▶ **What this task involves**: Start your answer with the line containing "Some of the words" and end it with the last line of the records below, retyping every line between exactly and adding nothing.
━━━ Given records ━━━
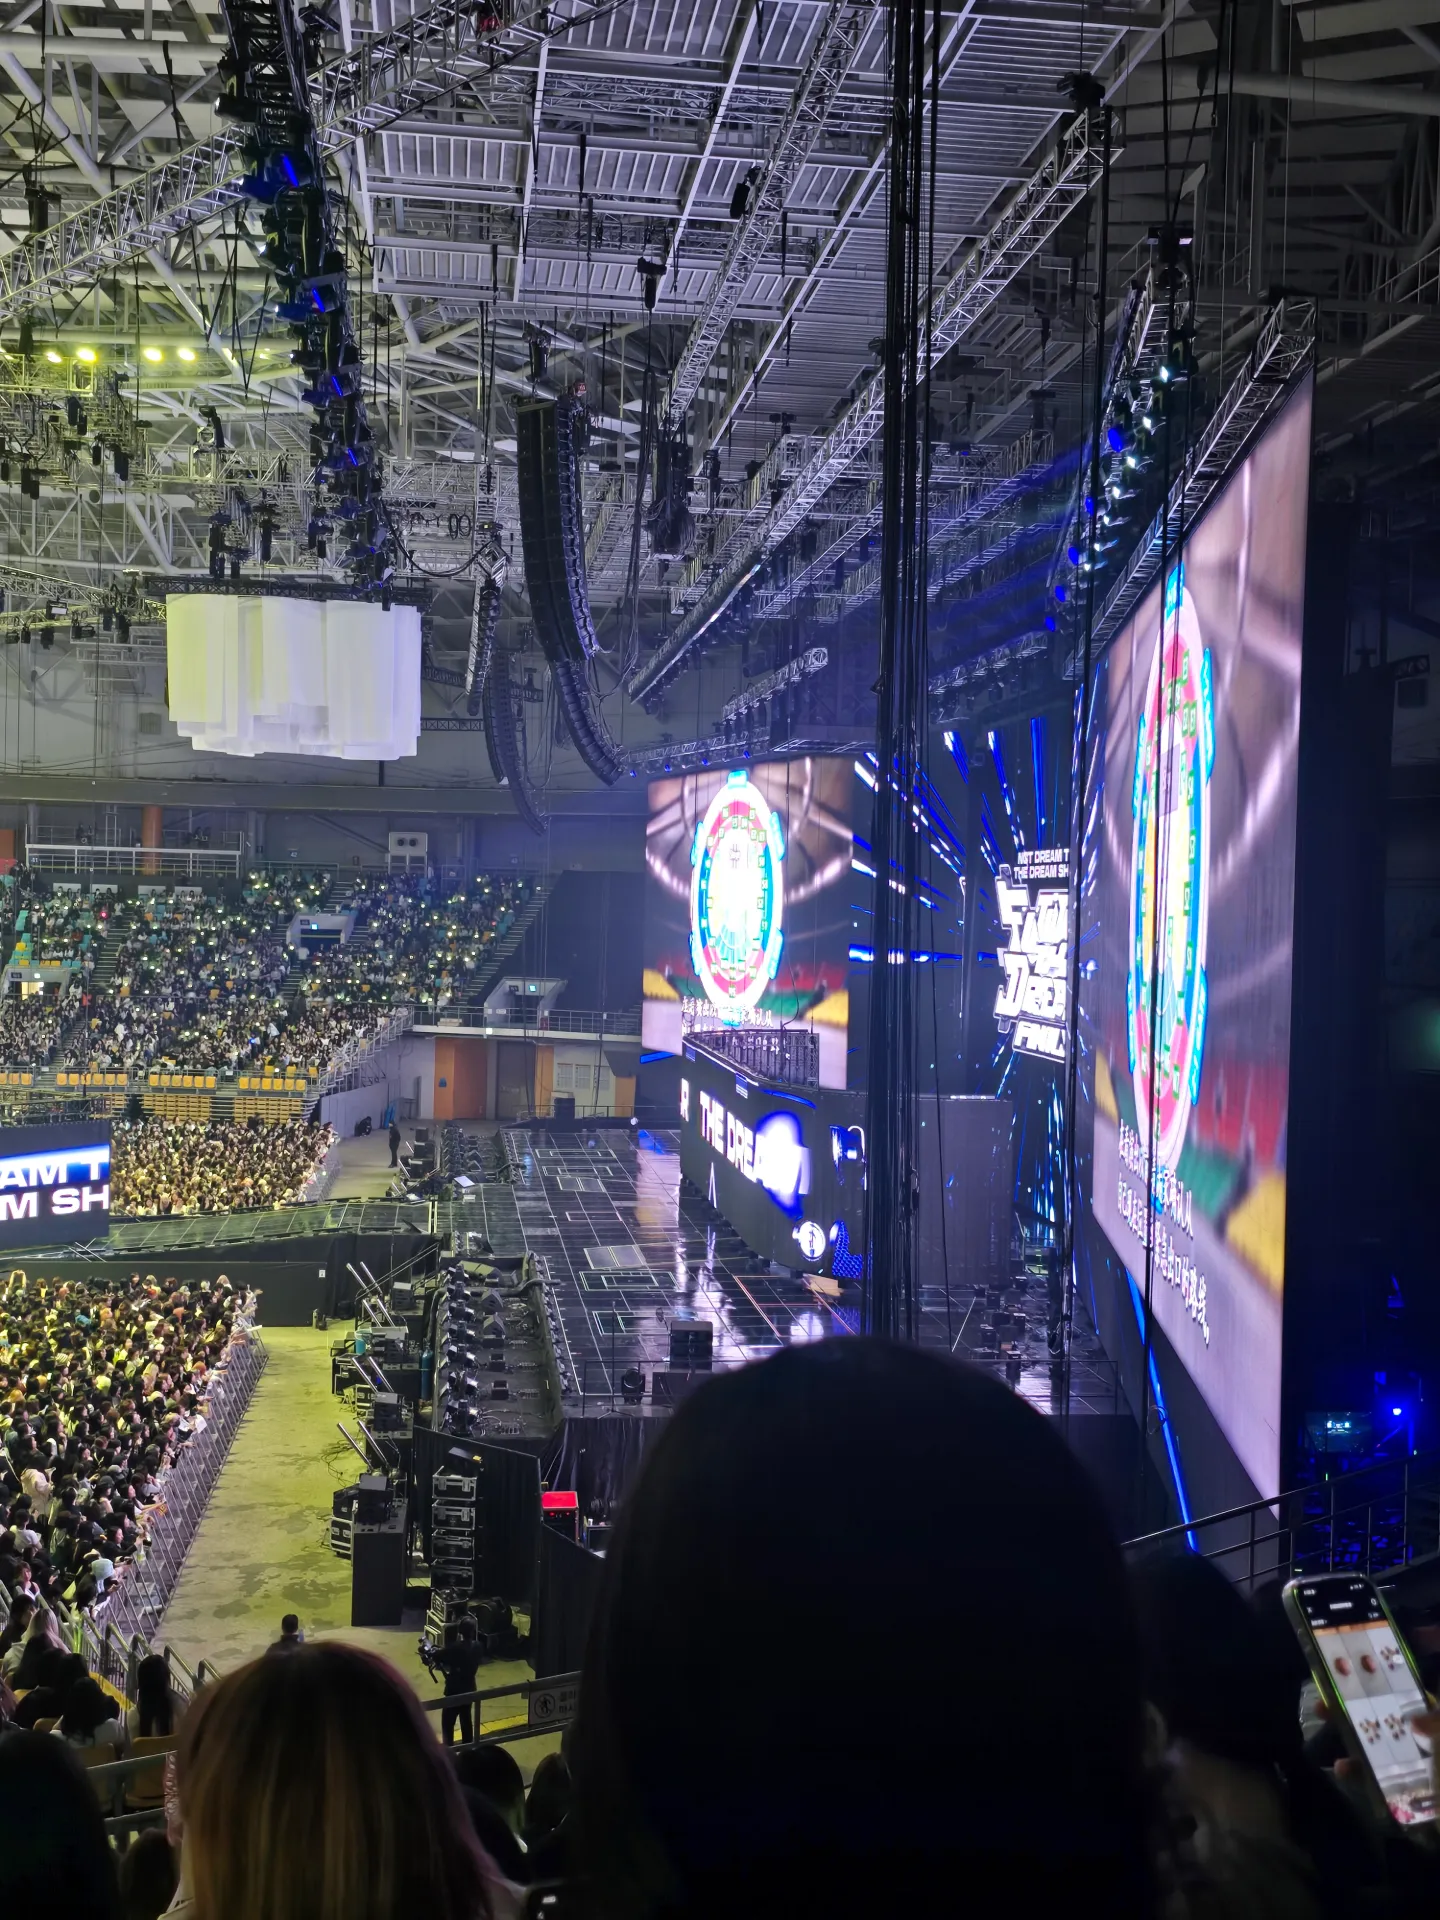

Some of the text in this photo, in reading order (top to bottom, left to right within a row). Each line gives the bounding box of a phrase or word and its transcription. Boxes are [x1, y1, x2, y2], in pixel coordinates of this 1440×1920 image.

[1034, 850, 1063, 863] DREAM
[1014, 867, 1028, 879] THE
[1029, 865, 1057, 878] DREAM
[699, 1090, 724, 1155] THE
[726, 1110, 810, 1196] DREA
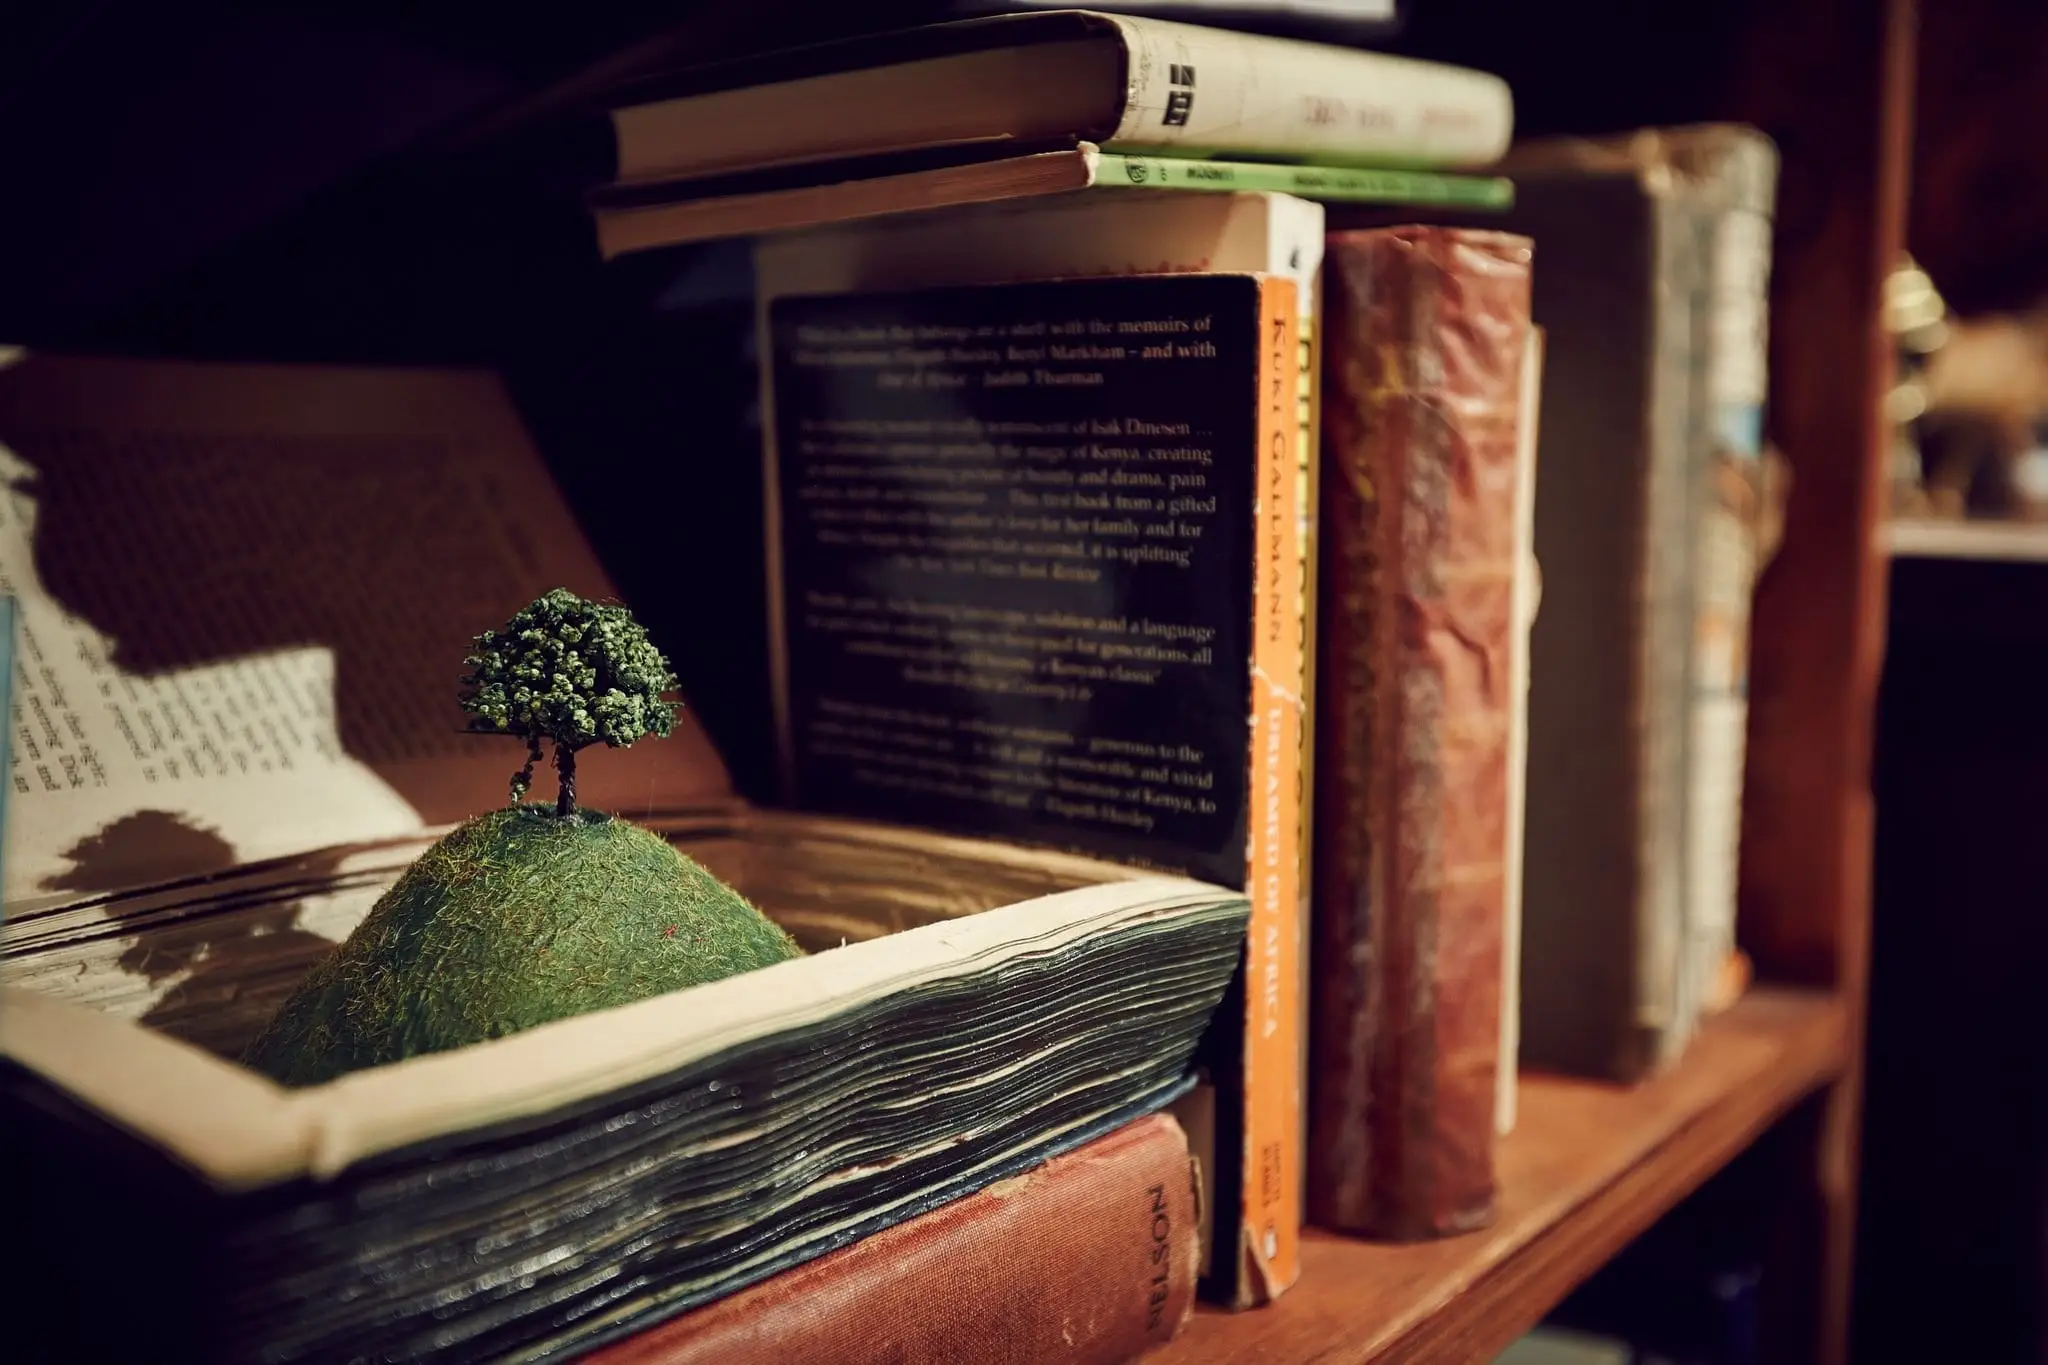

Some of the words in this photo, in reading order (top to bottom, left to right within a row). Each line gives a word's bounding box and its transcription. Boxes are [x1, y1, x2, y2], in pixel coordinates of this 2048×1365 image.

[1116, 314, 1190, 335] memoirs
[1192, 312, 1214, 333] of
[1049, 342, 1126, 362] Markham
[1141, 341, 1173, 359] and
[1176, 339, 1217, 359] with
[1124, 418, 1190, 437] Dinesen
[1147, 445, 1214, 467] creating
[1077, 467, 1108, 486] and
[1168, 472, 1207, 493] pain
[1113, 493, 1152, 511] from
[1156, 498, 1166, 512] a
[1168, 494, 1217, 518] gifted
[1093, 516, 1140, 541] family
[1145, 519, 1175, 538] and
[1177, 519, 1204, 538] for
[1269, 428, 1286, 645] GALLMANN
[1099, 615, 1128, 635] and
[1130, 619, 1140, 636] a
[1141, 616, 1216, 645] language
[1190, 645, 1213, 667] all
[1159, 740, 1177, 759] to
[1177, 740, 1204, 763] the
[36, 763, 62, 792] and
[58, 753, 85, 789] Dick
[1139, 764, 1169, 785] and
[1171, 765, 1215, 791] vivid
[1266, 707, 1283, 868] DREAMED
[1142, 786, 1197, 817] Kenya,
[1197, 796, 1218, 815] to
[1265, 872, 1281, 914] OF
[1261, 921, 1281, 1040] AFRICA
[1146, 1181, 1170, 1335] NELSON
━━━
▶ **Answer to this task**:
Some of the words in this photo, in reading order (top to bottom, left to right within a row). Each line gives a word's bounding box and its transcription. Boxes are [x1, y1, x2, y2], in pixel coordinates of this 2048×1365 image.

[1116, 314, 1190, 335] memoirs
[1192, 312, 1214, 333] of
[1049, 342, 1126, 362] Markham
[1141, 341, 1173, 359] and
[1176, 339, 1217, 359] with
[1124, 418, 1190, 437] Dinesen
[1147, 445, 1214, 467] creating
[1077, 467, 1108, 486] and
[1168, 472, 1207, 493] pain
[1113, 493, 1152, 511] from
[1156, 498, 1166, 512] a
[1168, 494, 1217, 518] gifted
[1093, 516, 1140, 541] family
[1145, 519, 1175, 538] and
[1177, 519, 1204, 538] for
[1269, 428, 1286, 645] GALLMANN
[1099, 615, 1128, 635] and
[1130, 619, 1140, 636] a
[1141, 616, 1216, 645] language
[1190, 645, 1213, 667] all
[1159, 740, 1177, 759] to
[1177, 740, 1204, 763] the
[36, 763, 62, 792] and
[58, 753, 85, 789] Dick
[1139, 764, 1169, 785] and
[1171, 765, 1215, 791] vivid
[1266, 707, 1283, 868] DREAMED
[1142, 786, 1197, 817] Kenya,
[1197, 796, 1218, 815] to
[1265, 872, 1281, 914] OF
[1261, 921, 1281, 1040] AFRICA
[1146, 1181, 1170, 1335] NELSON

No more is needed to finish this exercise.